***** ENTRIES SUPPLIED
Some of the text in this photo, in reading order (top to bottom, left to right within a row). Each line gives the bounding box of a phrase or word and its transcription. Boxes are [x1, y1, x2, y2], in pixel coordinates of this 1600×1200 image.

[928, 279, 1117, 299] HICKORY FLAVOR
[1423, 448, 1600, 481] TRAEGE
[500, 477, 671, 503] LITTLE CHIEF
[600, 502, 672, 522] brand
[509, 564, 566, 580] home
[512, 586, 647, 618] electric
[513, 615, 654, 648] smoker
**********
Set down an exact copy of the entries above.

Some of the text in this photo, in reading order (top to bottom, left to right within a row). Each line gives the bounding box of a phrase or word and its transcription. Boxes are [x1, y1, x2, y2], in pixel coordinates of this 1600×1200 image.

[928, 279, 1117, 299] HICKORY FLAVOR
[1423, 448, 1600, 481] TRAEGE
[500, 477, 671, 503] LITTLE CHIEF
[600, 502, 672, 522] brand
[509, 564, 566, 580] home
[512, 586, 647, 618] electric
[513, 615, 654, 648] smoker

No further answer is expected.